** Input data follows **

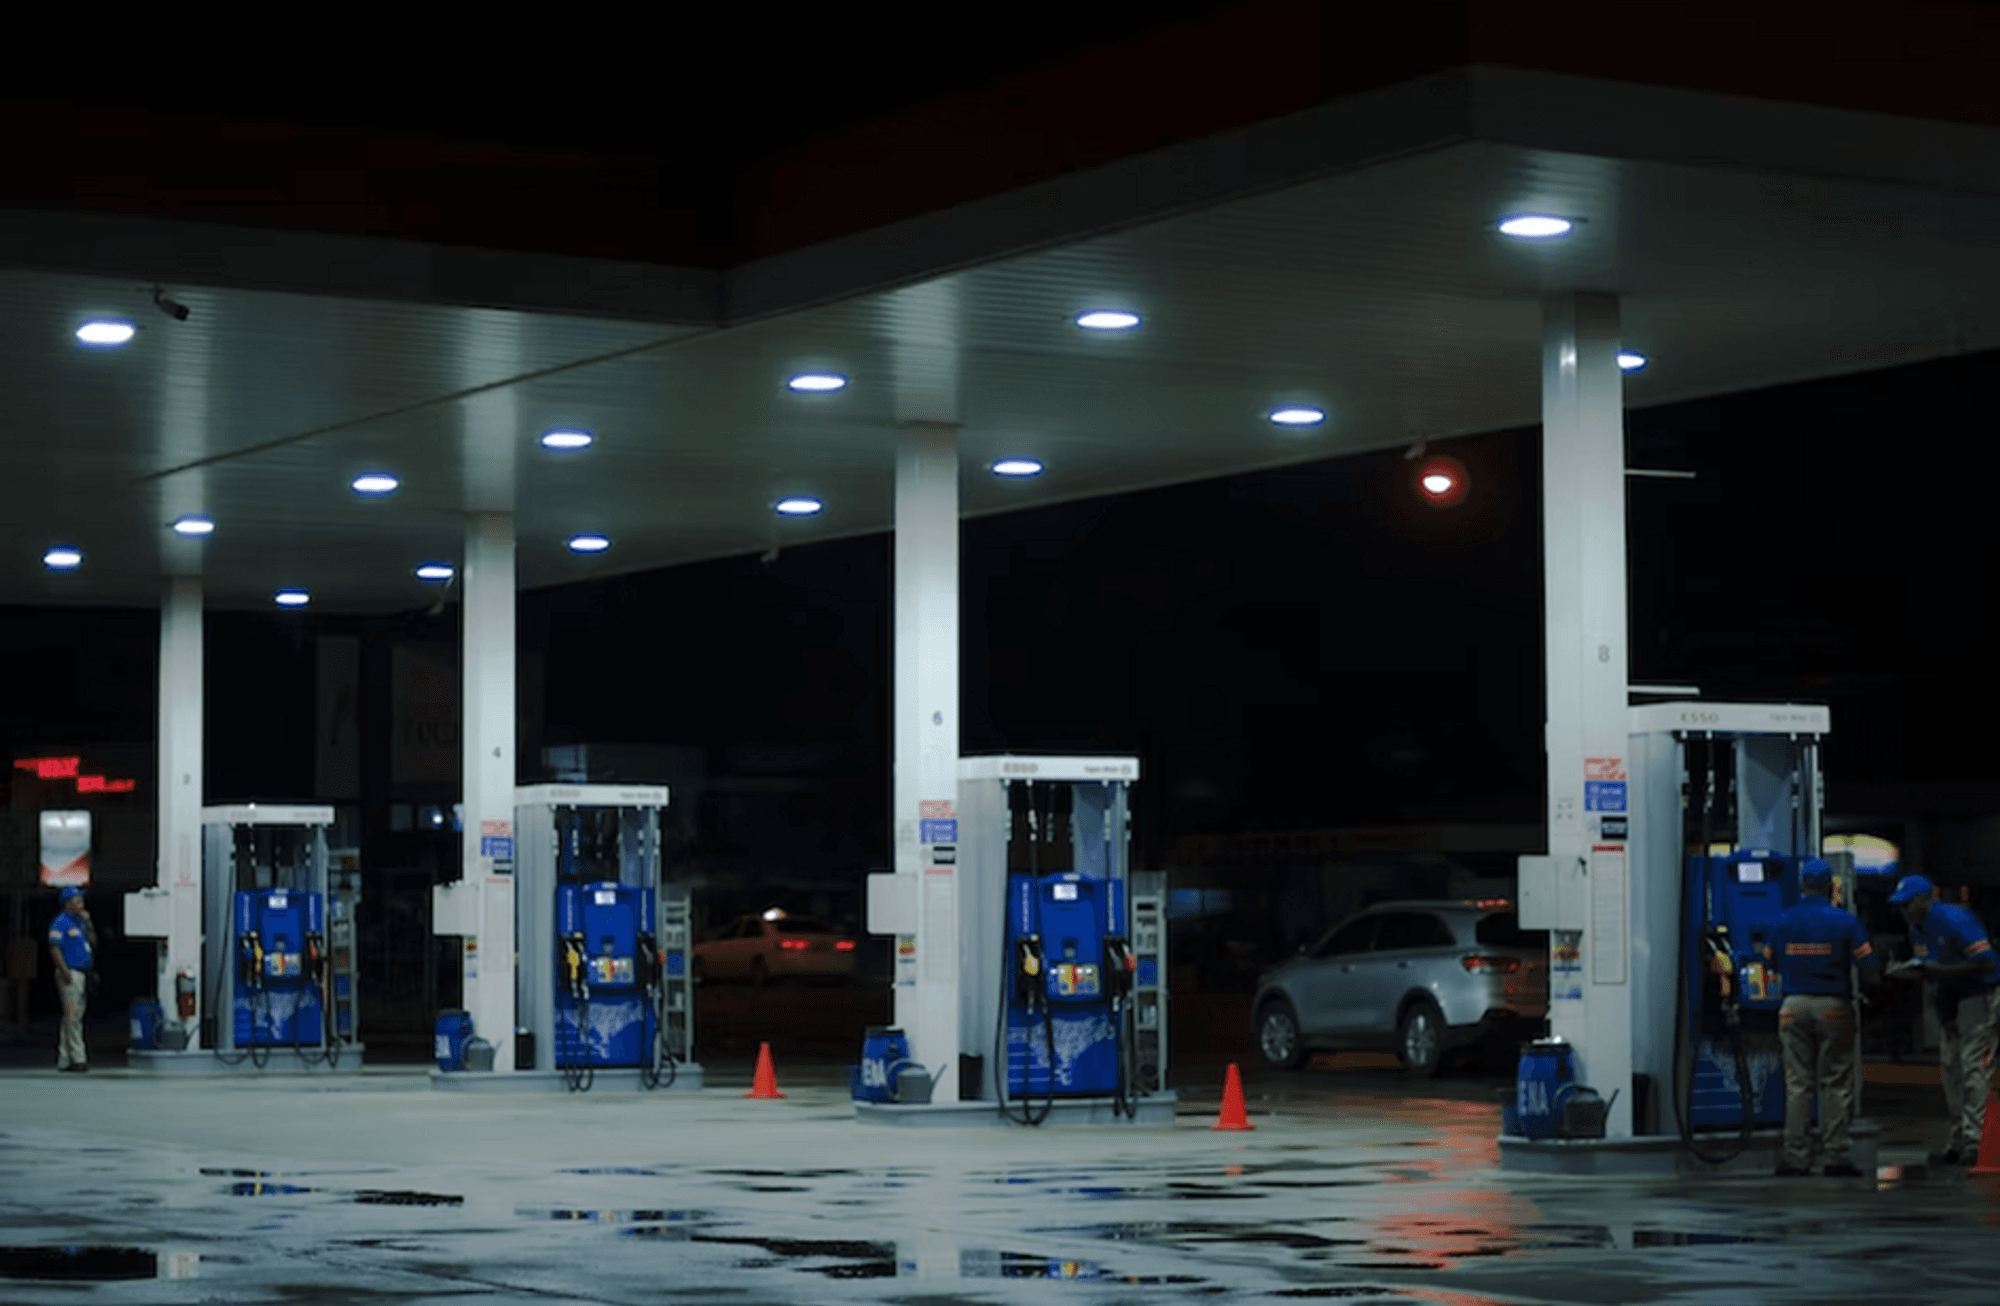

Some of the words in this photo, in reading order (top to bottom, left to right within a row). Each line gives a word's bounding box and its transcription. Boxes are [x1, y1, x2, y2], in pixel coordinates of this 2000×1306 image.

[1598, 645, 1610, 663] 8
[931, 709, 943, 727] 6
[1680, 711, 1719, 725] ESSO
[492, 746, 502, 759] 4
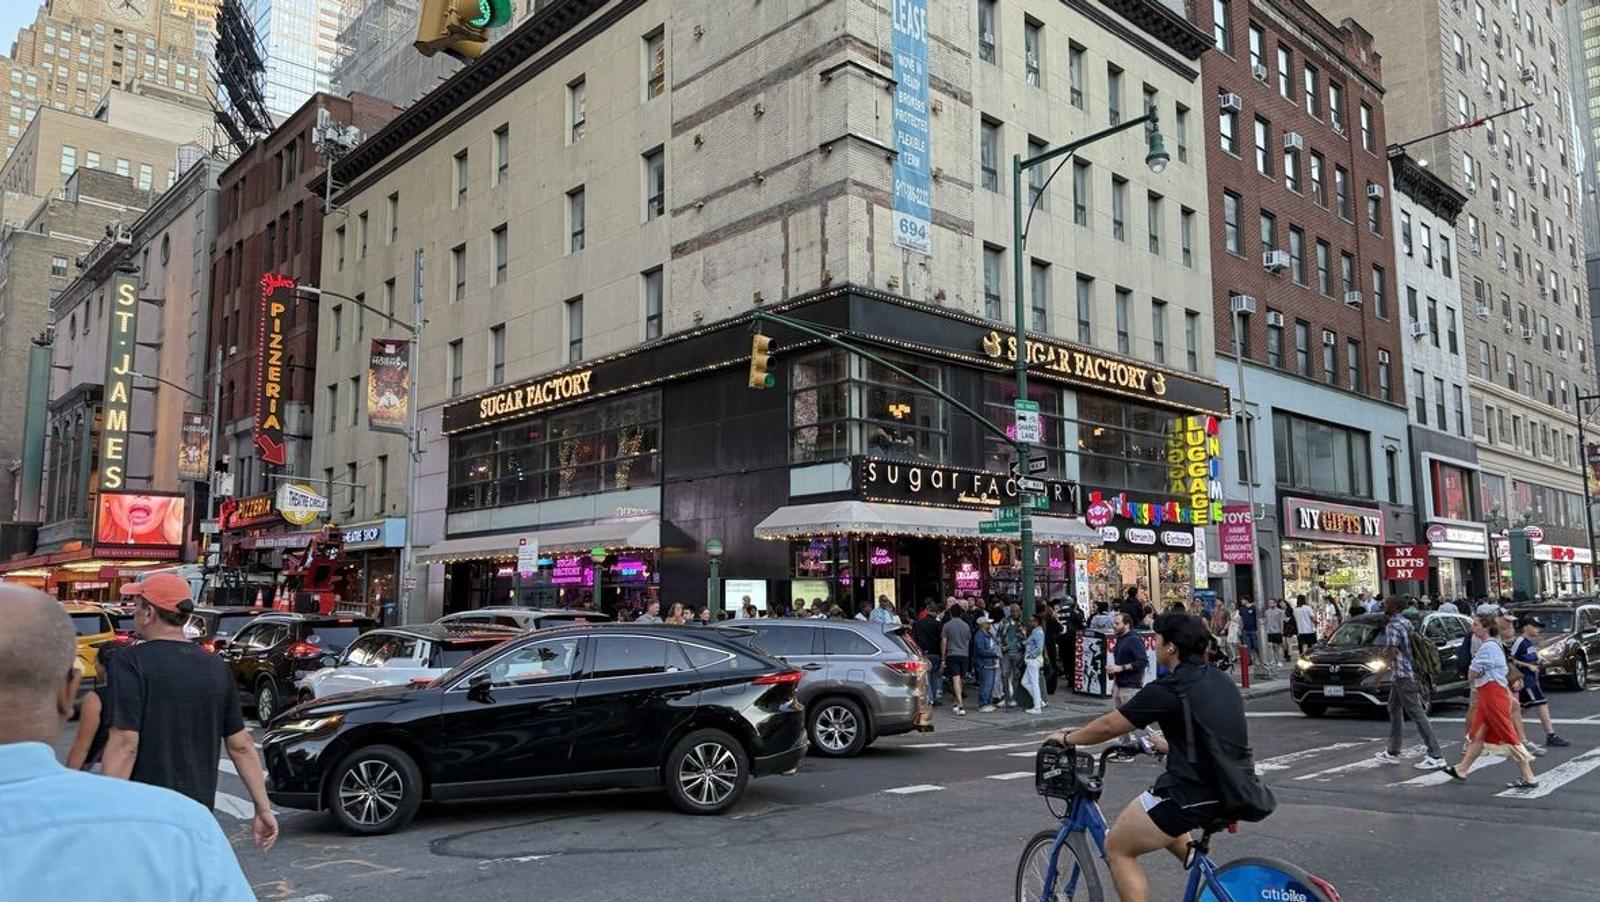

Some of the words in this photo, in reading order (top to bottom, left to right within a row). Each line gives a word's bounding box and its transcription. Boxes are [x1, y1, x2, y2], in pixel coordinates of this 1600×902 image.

[893, 0, 927, 43] LEASE
[898, 54, 916, 72] MOVE
[898, 91, 926, 113] BROKERS
[895, 108, 928, 132] PROTECTED
[898, 131, 926, 152] FLEXIBLE
[903, 152, 920, 167] TERM
[899, 218, 926, 240] 694
[263, 302, 285, 430] PIZZERIA
[1073, 352, 1148, 391] FACTORY
[479, 390, 524, 419] SUGAR
[526, 370, 593, 408] FACTORY
[105, 354, 130, 488] JAMES
[1186, 416, 1208, 525] LUGGAGE
[1088, 505, 1108, 517] TOY
[1222, 511, 1252, 524] TOYS
[1299, 507, 1319, 530] NY
[1322, 511, 1361, 534] GIFTS
[1363, 516, 1381, 536] NY
[363, 527, 379, 541] SHOP
[1225, 535, 1250, 543] LUGGAGE
[1396, 547, 1413, 556] NY
[1386, 558, 1424, 568] GIFTS
[1397, 569, 1414, 578] NY

** End of Input data **

Every line above is to be given again exactly, apart from the pictures.

Reply to the task:
Some of the words in this photo, in reading order (top to bottom, left to right within a row). Each line gives a word's bounding box and its transcription. Boxes are [x1, y1, x2, y2], in pixel coordinates of this 2000×1306 image.

[1598, 645, 1610, 663] 8
[931, 709, 943, 727] 6
[1680, 711, 1719, 725] ESSO
[492, 746, 502, 759] 4

Some of the words in this photo, in reading order (top to bottom, left to right within a row). Each line gives a word's bounding box and its transcription. Boxes are [x1, y1, x2, y2], in pixel coordinates of this 1600×902 image.

[893, 0, 927, 43] LEASE
[898, 54, 916, 72] MOVE
[898, 91, 926, 113] BROKERS
[895, 108, 928, 132] PROTECTED
[898, 131, 926, 152] FLEXIBLE
[903, 152, 920, 167] TERM
[899, 218, 926, 240] 694
[263, 302, 285, 430] PIZZERIA
[1073, 352, 1148, 391] FACTORY
[479, 390, 524, 419] SUGAR
[526, 370, 593, 408] FACTORY
[105, 354, 130, 488] JAMES
[1186, 416, 1208, 525] LUGGAGE
[1088, 505, 1108, 517] TOY
[1222, 511, 1252, 524] TOYS
[1299, 507, 1319, 530] NY
[1322, 511, 1361, 534] GIFTS
[1363, 516, 1381, 536] NY
[363, 527, 379, 541] SHOP
[1225, 535, 1250, 543] LUGGAGE
[1396, 547, 1413, 556] NY
[1386, 558, 1424, 568] GIFTS
[1397, 569, 1414, 578] NY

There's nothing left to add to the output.